Why Sugar Is A Crucial Component For Brewing Kombucha

If you've seen the viral video of Brittany Broski (the internet's very own "kombucha connoisseur") trying a sip of kombucha for the first time, or have tried the fermented drink yourself, you know that kombucha is a beverage with a complex flavor profile. From sour to sweet, a lot goes into the production of the drink that, according to The Food Institute, continues to gain immense popularity for its purported health benefits.

What exactly is kombucha? Simply put, kombucha is a special type of sweetened tea, per The Food Institute. The thing that sets kombucha apart from other brewed-tea beverages is that it is fermented via the cultivation of a floating mass called a SCOBY, which stands for "Symbiotic Culture of Bacteria and Yeast," according to Scientific American. The glob-like SCOBY can look kind of scary, but its role in the production of kombucha is quite magical. 

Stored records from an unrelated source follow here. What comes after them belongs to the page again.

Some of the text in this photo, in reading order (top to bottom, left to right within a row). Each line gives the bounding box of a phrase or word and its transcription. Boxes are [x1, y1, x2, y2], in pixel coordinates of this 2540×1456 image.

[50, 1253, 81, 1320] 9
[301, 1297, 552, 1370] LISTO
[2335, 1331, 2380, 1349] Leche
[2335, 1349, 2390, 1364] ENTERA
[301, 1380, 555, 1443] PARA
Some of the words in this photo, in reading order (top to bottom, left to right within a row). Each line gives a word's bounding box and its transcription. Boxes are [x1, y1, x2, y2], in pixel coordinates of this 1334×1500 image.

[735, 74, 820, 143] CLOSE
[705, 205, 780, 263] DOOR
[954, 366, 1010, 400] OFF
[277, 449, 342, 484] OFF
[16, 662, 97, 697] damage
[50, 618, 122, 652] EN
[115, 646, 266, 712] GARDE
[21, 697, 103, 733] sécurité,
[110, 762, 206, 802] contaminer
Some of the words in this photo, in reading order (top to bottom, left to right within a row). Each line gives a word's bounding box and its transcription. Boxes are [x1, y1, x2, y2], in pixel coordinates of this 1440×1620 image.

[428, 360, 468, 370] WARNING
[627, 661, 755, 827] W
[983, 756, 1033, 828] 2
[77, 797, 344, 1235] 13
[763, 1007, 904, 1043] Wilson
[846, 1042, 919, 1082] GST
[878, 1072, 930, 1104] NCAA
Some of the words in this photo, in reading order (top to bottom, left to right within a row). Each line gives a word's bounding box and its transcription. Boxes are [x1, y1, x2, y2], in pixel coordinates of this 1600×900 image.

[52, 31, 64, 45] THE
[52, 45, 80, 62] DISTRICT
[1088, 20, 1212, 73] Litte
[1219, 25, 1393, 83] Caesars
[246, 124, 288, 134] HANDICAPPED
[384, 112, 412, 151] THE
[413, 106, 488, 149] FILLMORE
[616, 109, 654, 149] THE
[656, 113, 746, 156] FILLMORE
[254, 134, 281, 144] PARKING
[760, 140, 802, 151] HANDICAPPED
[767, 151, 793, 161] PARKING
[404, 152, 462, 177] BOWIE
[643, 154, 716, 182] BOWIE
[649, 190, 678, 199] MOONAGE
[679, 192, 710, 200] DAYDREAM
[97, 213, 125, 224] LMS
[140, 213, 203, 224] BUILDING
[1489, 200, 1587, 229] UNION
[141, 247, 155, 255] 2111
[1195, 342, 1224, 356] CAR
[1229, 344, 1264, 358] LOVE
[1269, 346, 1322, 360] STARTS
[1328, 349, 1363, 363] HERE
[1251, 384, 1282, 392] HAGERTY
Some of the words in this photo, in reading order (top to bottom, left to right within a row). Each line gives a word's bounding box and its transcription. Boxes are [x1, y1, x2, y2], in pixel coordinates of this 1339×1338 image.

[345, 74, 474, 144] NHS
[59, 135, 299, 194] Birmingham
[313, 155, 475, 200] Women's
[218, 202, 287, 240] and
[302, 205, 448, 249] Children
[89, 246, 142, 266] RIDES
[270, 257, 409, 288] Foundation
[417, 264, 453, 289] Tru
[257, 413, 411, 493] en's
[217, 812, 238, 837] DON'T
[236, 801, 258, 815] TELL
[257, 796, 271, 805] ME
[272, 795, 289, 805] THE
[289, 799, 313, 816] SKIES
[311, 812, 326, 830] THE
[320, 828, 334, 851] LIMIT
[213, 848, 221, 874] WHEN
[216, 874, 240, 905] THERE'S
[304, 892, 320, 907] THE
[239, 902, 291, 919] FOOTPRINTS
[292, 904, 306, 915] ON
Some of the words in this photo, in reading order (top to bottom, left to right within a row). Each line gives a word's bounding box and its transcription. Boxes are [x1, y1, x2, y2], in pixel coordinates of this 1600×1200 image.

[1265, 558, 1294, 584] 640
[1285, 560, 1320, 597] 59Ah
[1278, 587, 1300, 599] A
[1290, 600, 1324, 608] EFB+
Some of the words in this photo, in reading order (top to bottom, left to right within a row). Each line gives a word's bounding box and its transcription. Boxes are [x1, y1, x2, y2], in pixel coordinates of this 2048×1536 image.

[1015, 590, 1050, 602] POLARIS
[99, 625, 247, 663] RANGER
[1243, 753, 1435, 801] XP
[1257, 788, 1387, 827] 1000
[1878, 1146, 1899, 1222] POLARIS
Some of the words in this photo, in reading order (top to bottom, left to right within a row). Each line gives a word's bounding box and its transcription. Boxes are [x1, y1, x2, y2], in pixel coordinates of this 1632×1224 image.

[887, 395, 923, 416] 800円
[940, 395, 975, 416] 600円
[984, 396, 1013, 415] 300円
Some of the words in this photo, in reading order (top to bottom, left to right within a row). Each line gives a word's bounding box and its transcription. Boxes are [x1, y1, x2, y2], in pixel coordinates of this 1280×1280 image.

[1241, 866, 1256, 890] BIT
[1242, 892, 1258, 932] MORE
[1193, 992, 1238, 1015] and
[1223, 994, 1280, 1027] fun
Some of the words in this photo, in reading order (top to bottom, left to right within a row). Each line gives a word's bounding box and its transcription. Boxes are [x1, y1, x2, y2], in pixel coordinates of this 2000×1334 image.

The fermentation of the tea is what makes kombucha a probiotic, Healthline explains, and to help a SCOBY ferment kombucha successfully, it's important to understand the basics of the chemical process of fermentation.

How kombucha fermentation works

Fermentation plays a key role in the production of many delicious, nutritionally-dense foods around the world, from springy sourdough bread to spicy kimchi to tangy sauerkraut. But when looking at these fermented foods on a plate, the magical journey they took to get there is not so obvious.

Healthline explains that starches, sugars, and other carbs are transformed through fermentation into alcohol and acid, which in kombucha give the beverage its uniquely sour taste. The process essentially turns disparate ingredients into a complex ecosystem of growing, living bacteria that needs to be taken care of like any other organism in order to survive.

In kombucha, that ecosystem is the SCOBY. For fermentation to take place in the base of a kombucha tea, the healthy bacteria in a SCOBY need to be fed to keep activating the chemical process — and a SCOBY, like all yeast and bacteria, has a sweet tooth.

The SCOBY needs sugar to ferment

Despite it potentially being intimidating to keep a SCOBY alive and healthy, people make kombucha at home both to save money by not purchasing it bottled and because, like any culinary project, it can be rewarding and fun. Because of kombucha's reputation as a healthy drink, it can seem counterintuitive to add a lot of sugar when making it at home, but it's important to curb that instinct in order to keep that SCOBY happy. Remember, kombucha isn't just any normal tea, but a living, breathing science experiment.

When making kombucha at home, Kitchn suggests first brewing your tea of choice in hot, sugary water. Kitchn also advises against altering the amount of sugar in a kombucha recipe because that sugar isn't just acting as a flavor enhancer, but an important ingredient in the fermentation process. Without the suggested amount of sugar, your SCOBY might lose its ability to culture effectively, leaving you missing out on all the reasons you brewed kombucha instead of plain tea in the first place.

After your kombucha goes through its first fermentation process and you remove the SCOBY, it's okay to add in some flavorings before its second fermentation in a sealed bottle. Fresh fruits are a great option for flavoring your homemade kombucha because it offers even more fresh, natural sugars for the healthy bacteria to keep feeding and growing. 

Happy, healthy, well-fed bacteria equals delicious, home-brewed kombucha!